Shocklee is one of two people Texas Education Commissioner Mike Morath selected last year to make sure Austin ISD is making state-mandated changes to its special education department.

Morath appointed the monitors after a Texas Education Agency investigation found the district repeatedly failed to conduct special education evaluations within the required timeframe of 45 school days, leaving some families waiting months for assessments. The TEA also said Austin ISD was not providing services that students with disabilities were legally entitled to.

A state order the Austin ISD school board agreed to last September required the district to complete all the evaluations it had gotten parental consent for last school year by Jan. 31. Shocklee said meeting this requirement was a major achievement.

“That is a huge accomplishment and you should all be very proud of that hard work that was poured into that,” she told the board Thursday.

“While the district has made great progress, our work is not done. So, we have to continue the momentum with focusing on those evaluations and continued compliance.”
Lesa Shocklee, state-appointed monitor

But while Austin ISD has cleared last year’s backlog, that does not mean there are no overdue evaluations. The district reported last month that it had reduced the number of past due evaluations by nearly 83% from January to December 2023.

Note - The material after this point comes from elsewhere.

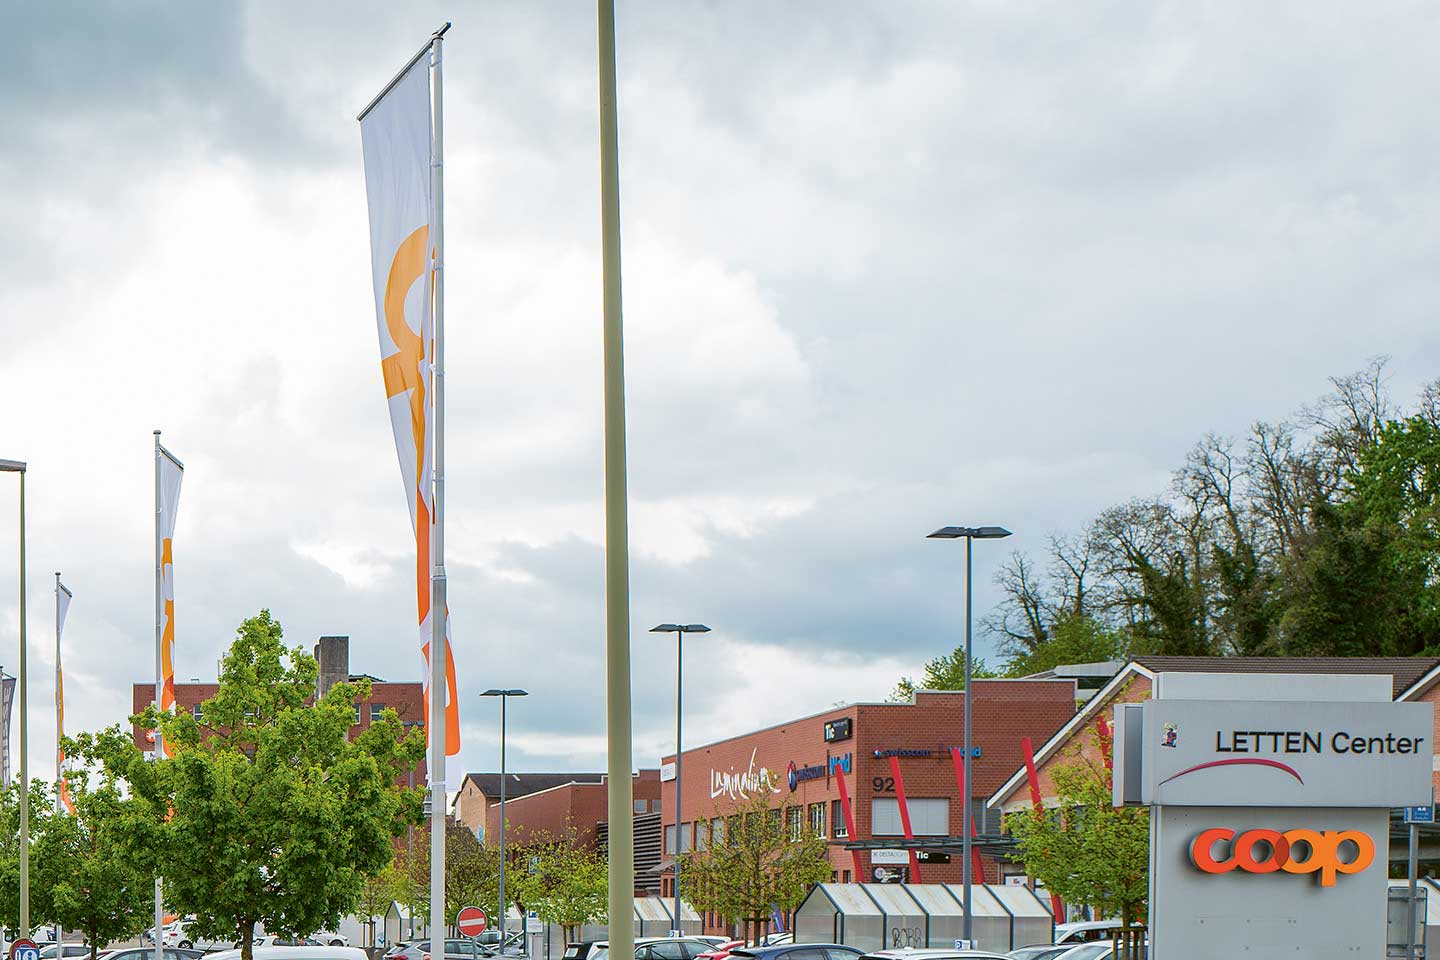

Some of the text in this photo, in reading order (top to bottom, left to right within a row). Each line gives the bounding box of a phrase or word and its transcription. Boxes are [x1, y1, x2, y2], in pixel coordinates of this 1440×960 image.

[1216, 731, 1424, 754] LETTEN Center
[872, 777, 896, 792] 92
[915, 851, 928, 859] Tic
[1192, 828, 1375, 887] coop

Special Education Department staff have also said that while 52% of new evaluations were completed within 45 school days in January 2023, 99% were completed on time in December. The percentage is not as high for reevaluations, which must be conducted periodically for students with disabilities. Sixty-six percent of reevaluations were completed within the required timeframe in December.

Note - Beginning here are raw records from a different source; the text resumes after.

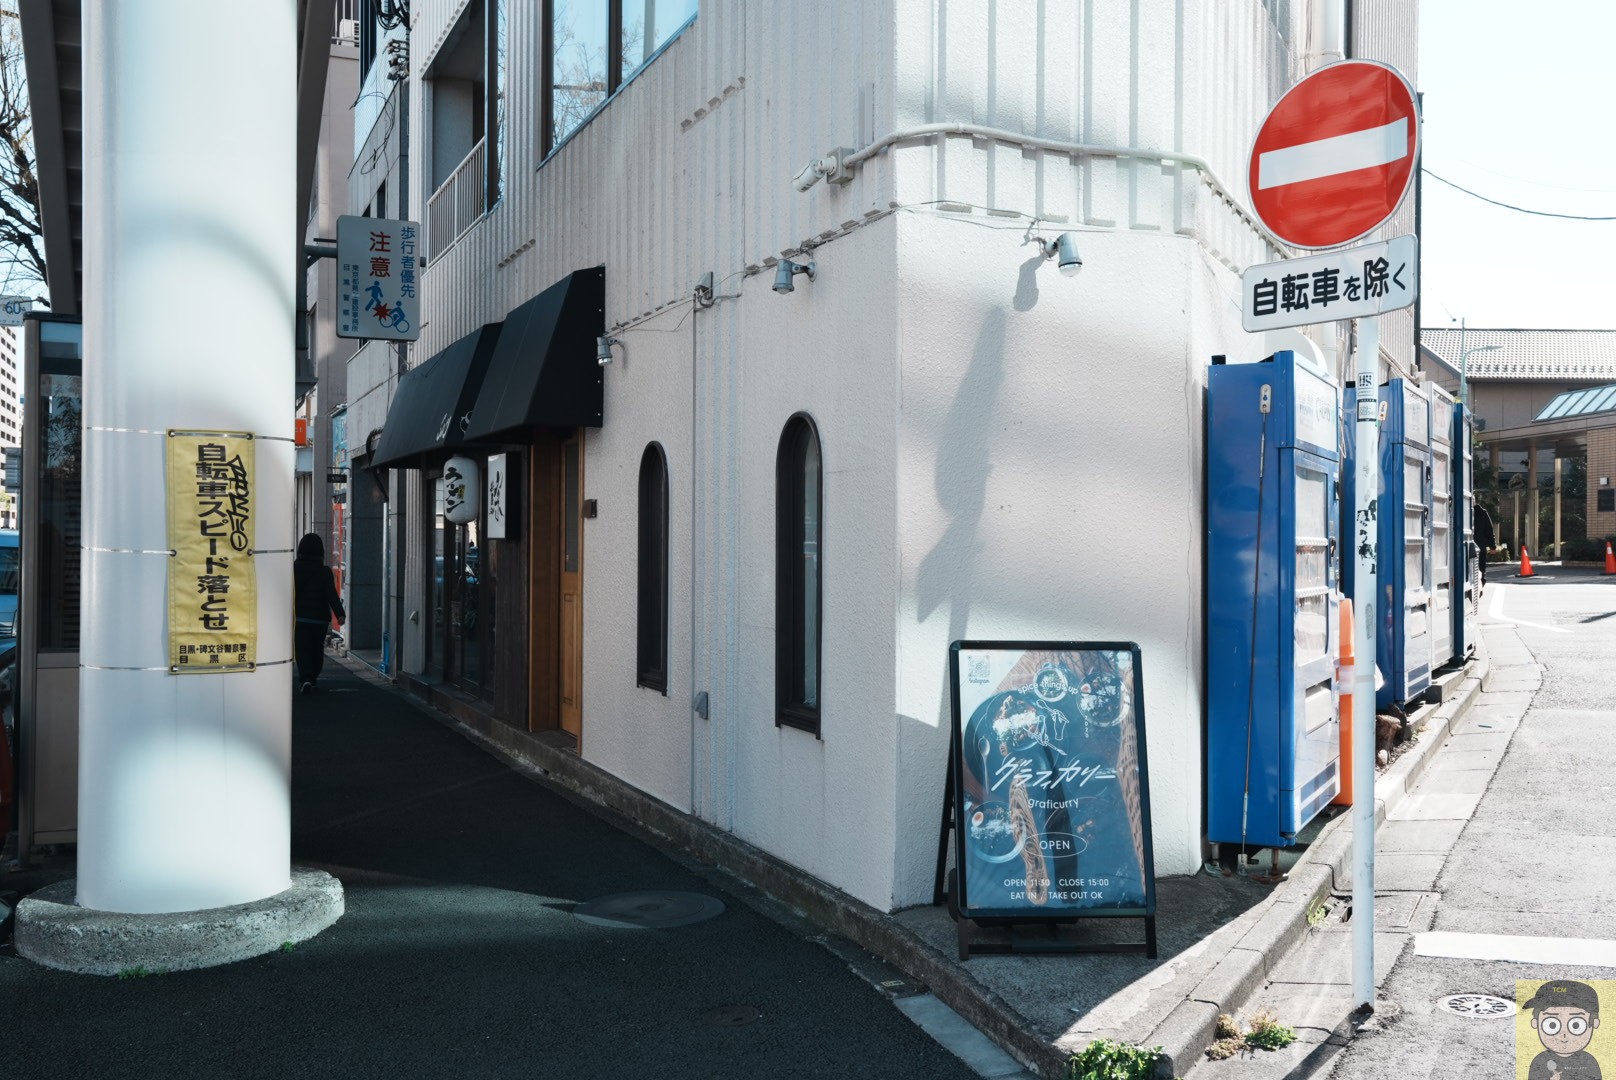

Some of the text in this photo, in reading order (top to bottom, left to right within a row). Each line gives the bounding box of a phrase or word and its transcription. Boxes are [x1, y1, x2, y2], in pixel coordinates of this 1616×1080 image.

[369, 231, 391, 278] 注意
[401, 226, 415, 298] 歩行者優先
[1253, 256, 1406, 316] 自転車を除く
[196, 443, 230, 631] 自転車スピード落とせ
[1017, 682, 1039, 695] spice
[1068, 685, 1079, 695] up
[1027, 797, 1080, 810] graficurry
[1039, 840, 1070, 850] OPEN
[1003, 878, 1026, 887] OPEN
[1058, 878, 1085, 886] CLOSE
[1088, 878, 1109, 886] 15:00
[1010, 891, 1025, 900] EAT
[1027, 891, 1037, 900] IN
[1048, 891, 1068, 900] TAKE
[1070, 891, 1088, 900] OUT
[1090, 891, 1103, 900] OK

“While the district has made great progress, our work is not done,” Shocklee said. “So, we have to continue the momentum with focusing on those evaluations and continued compliance.”

To comply with the TEA order, Austin ISD must have no overdue initial evaluations or reevaluations by December 2025.

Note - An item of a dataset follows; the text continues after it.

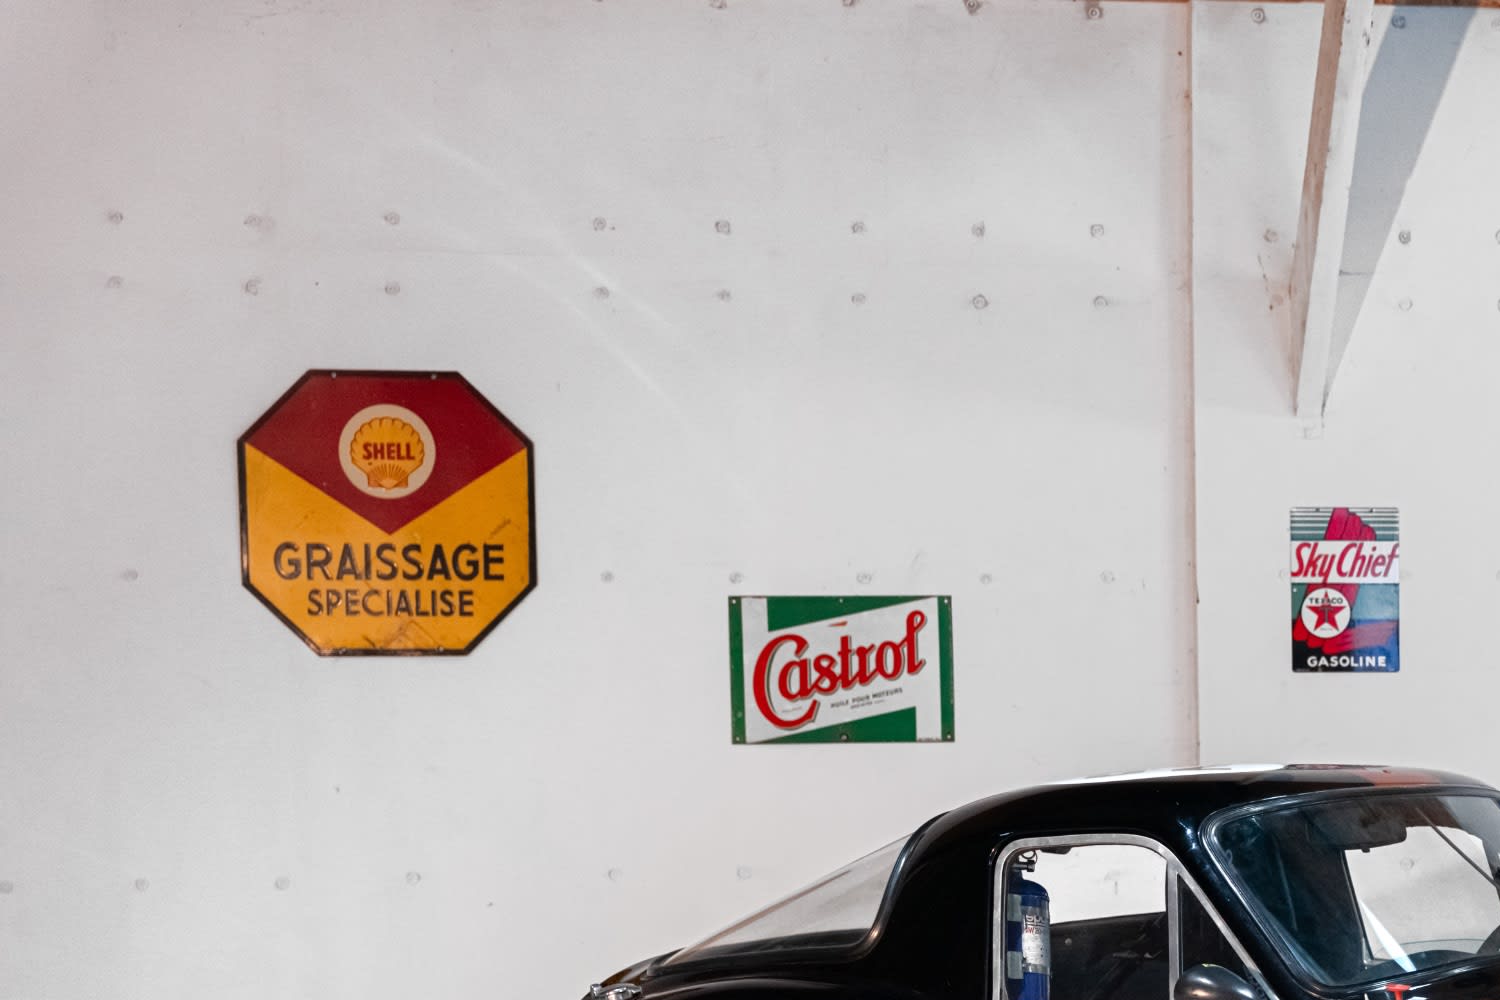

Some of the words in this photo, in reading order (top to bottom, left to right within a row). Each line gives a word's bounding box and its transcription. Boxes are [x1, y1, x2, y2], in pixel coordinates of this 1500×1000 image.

The state order also requires the district to create a parent advisory group made up of at least 15 people. The names of the members of the new Special Education Family Advisory Committee must be posted online by Thursday. The group’s first meeting is scheduled for Feb. 21.

Sherry Marsh, the other TEA-appointed monitor, praised the way district staff put the group together.

“They wanted to ensure that the 15 parents on that advisory committee [were] representative of the entire district,” she said.

Marsh said the district has met other requirements in the order to ensure staff receive training to improve how they support students with disabilities. She added that a state-mandated third party audit is underway and it must be finished by April 30.

“We just want to see all that work, all that capacity building that you’re hearing, trickle down to the campus so you can see it and feel it in the classrooms,” she said.

Austin ISD Superintendent Matias Segura has said the district will need to continue to dedicate resources to improving special education services, especially as it works on a new budget.